The horizontal line in the chart indicating a 100% lift (see Figure 7.30 ) represents a model that makes random predictions.

\includegraphics[]{images/evaluations/lift}
Figure 7.30 The Lift curve

For a more detailed explanation of the Gain and Lift charts, please refer to this article.

7.2.2 Regression Measures

When the objective field of the model, ensemble, deepnet, or fusion is numeric the resulting evaluation includes the regression measures explained below.

Mean Absolute Error

The Mean Absolute Error is the mean of the model prediction errors for each instance. It is computed as the average of the absolute values of the differences between the target variable predicted by the model (\(y'\)) vs. the actual values (\(y\)). Letting \(N\) be the total number of instances evaluated, then:

\[ \text{Mean Absolute Error} = \frac{\sum _{n} \left| y'_n - y_n \right|}{N} \]

Mean Squared Error

The Mean Squared Error is similar to the Mean Absolute Error, but the differences between predictions and actual values are squared. It is computed as the average of the squares of the differences between the target variable predicted by the model (\(y'\)) vs. the actual values (\(y\)). Letting \(N\) be the total number of instances evaluated, then:

\[ \text{Mean Square Error} = \frac{\sum _{n} (y'_n - y_n)^2 }{N} \]

R Squared

The \(R^2\), also called the coefficient of determination, measures how much better the model is than always predicting the mean value of the target variable (\(\bar{y}\)) in the test set. It can take values up to 1. Values below 0 indicate the model is worse than predicting the mean; a value of 0 means the model is not any better than predicting the mean; and 1 means the model perfectly fits the data. Although an \(R^2=1\) may not necessarily be desirable (since it can be a symptom of Overfitting), higher values for \(R^2\) usually mean better performance.

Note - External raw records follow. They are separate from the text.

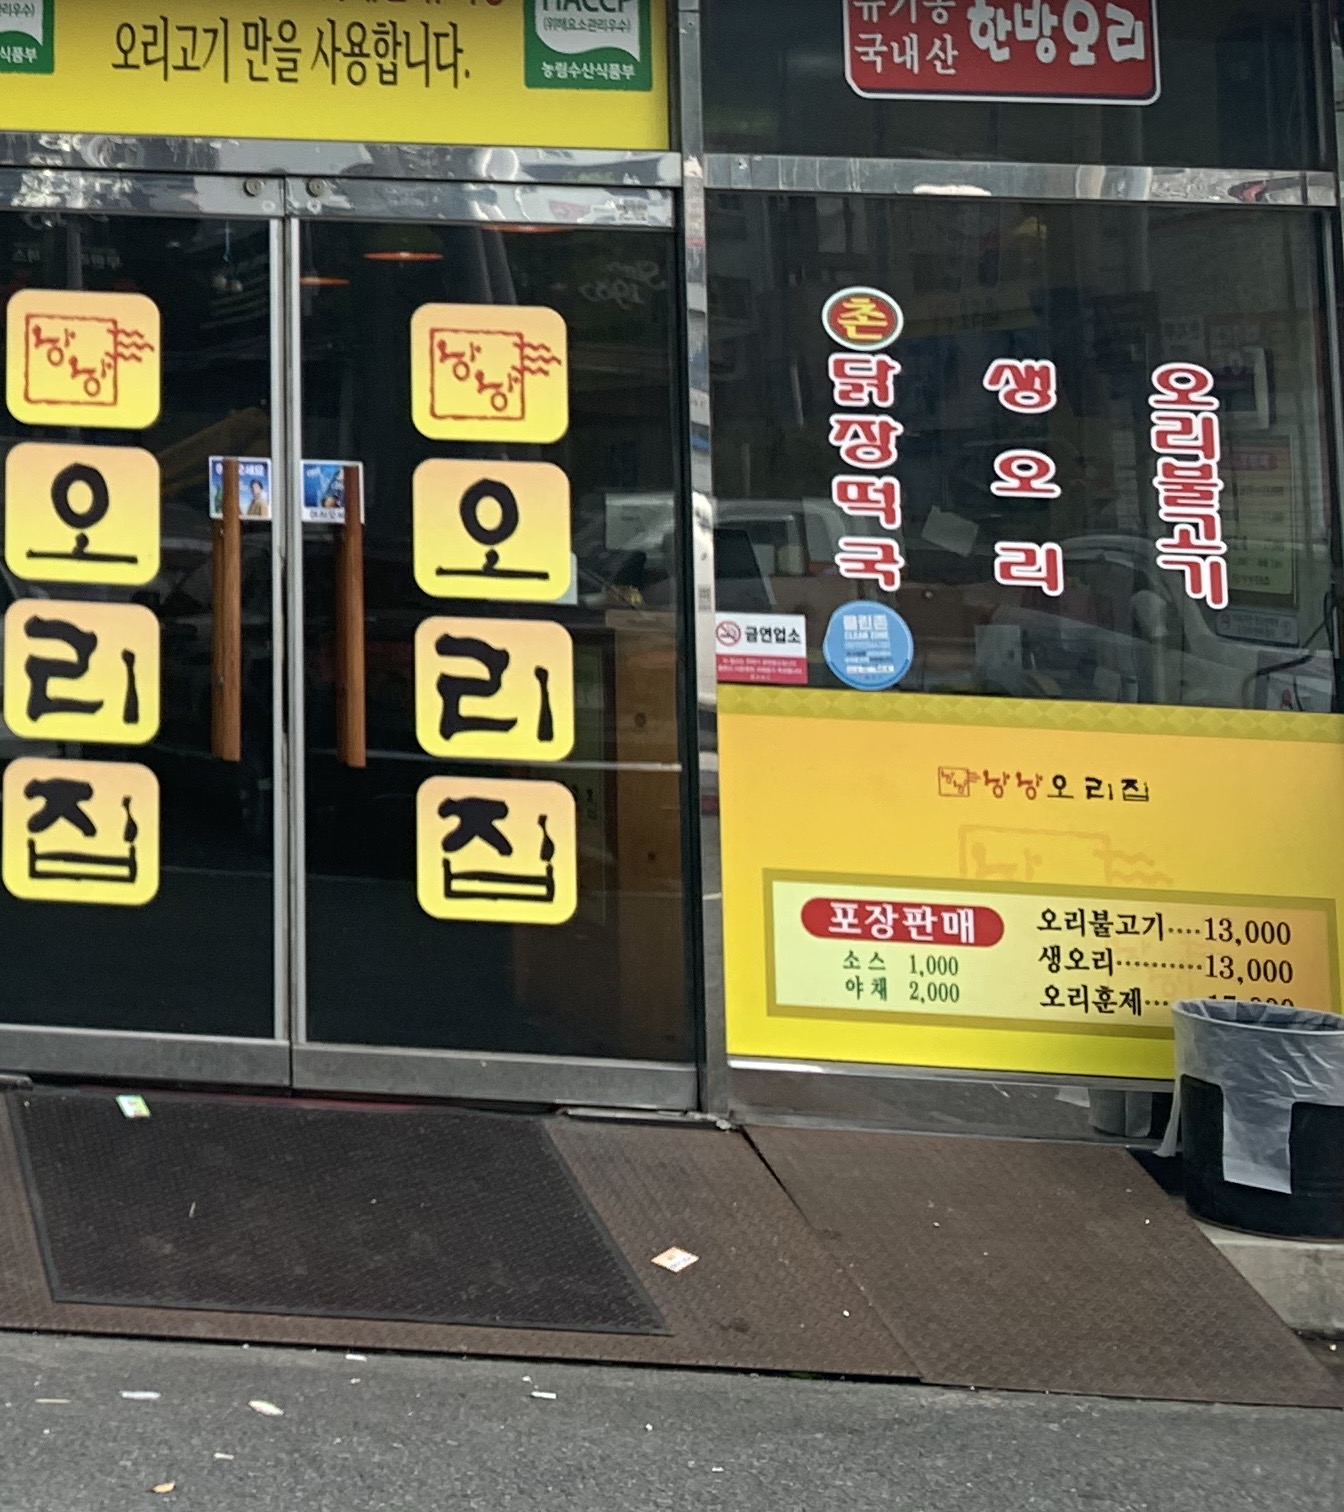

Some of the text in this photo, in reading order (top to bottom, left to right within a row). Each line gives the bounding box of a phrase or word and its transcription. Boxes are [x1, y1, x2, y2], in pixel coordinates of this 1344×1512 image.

[111, 17, 471, 88] 오리고기 만을 사용합니다.
[854, 33, 958, 76] 국내산
[540, 59, 635, 82] 농림수산식품부
[1149, 362, 1227, 610] 오리불고기
[745, 627, 801, 644] 금연업소
[827, 902, 975, 944] 포장판매
[1203, 917, 1291, 947] 13,000
[909, 954, 959, 978] 1,000
[1204, 955, 1293, 985] 13,000
[909, 980, 960, 1003] 2,000

\[ R^2 = 1- \frac{\sum _{n} (y'_n - y_n)^2 }{\sum _{n} (y_n - \bar{y}_n)^2} \]

7.2.3 Cross-Validation Measures

BigML cross-validation yields \(k\) different models and \(k\) evaluations. To get a single estimation of the model’s performance, the results of the \(k\) evaluations are averaged to obtain the final cross-validation measures (per class and overall measures). Consequently, cross-validation evaluations have the same measures as single classification and regression evaluations. (See subsection 7.2.1 and subsection 7.2.2 .)

Additionally, apart from the averages, you will also find the standard deviation for each classification and regression measure. (See subsection 7.5.4 .)

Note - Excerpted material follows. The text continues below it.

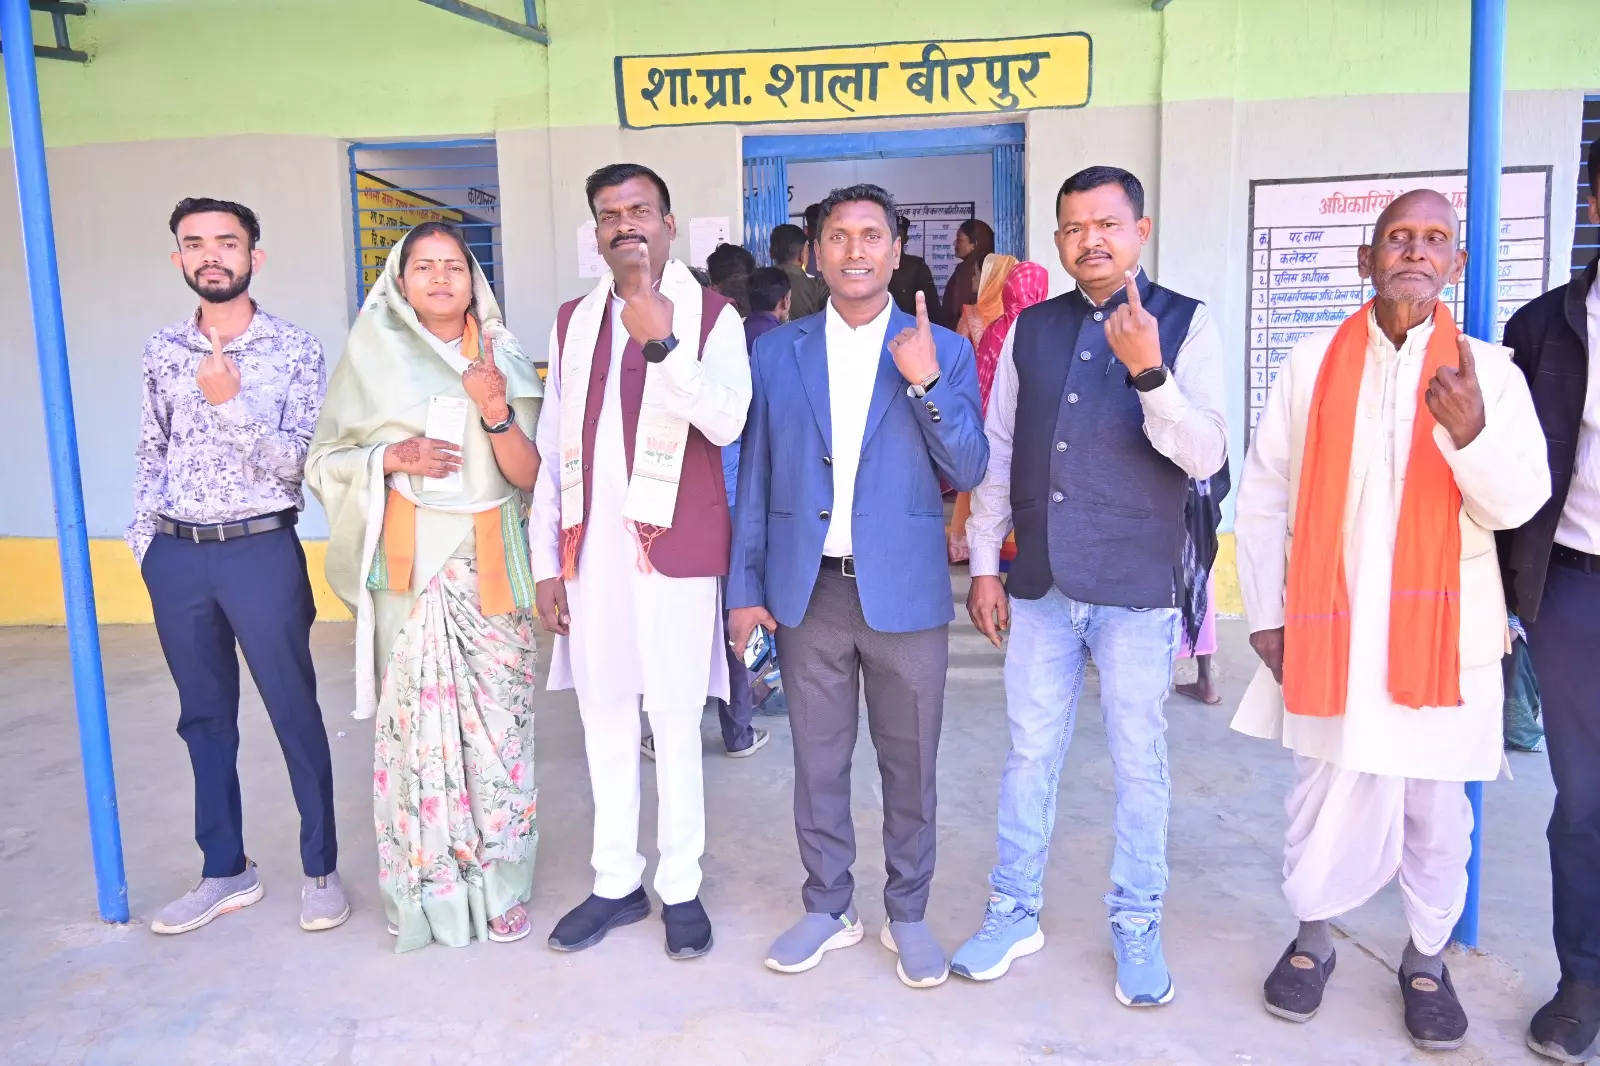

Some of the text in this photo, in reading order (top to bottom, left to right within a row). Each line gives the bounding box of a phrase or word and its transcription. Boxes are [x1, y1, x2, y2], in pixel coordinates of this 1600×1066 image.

Cross-validation evaluations do not include the evaluation curves, but will in a future release.

  1. Note that all negative classes are aggregated so the TN may include incorrect predictions for the negative classes. E.g., imagine three classes, a, b and c where the positive class is a while b and c are the negative classes. The instances of the b class incorrectly predicted as c as well as the instances of the c class predicted as b will be considered TN since they are “negative instances correctly classified as non-positive”.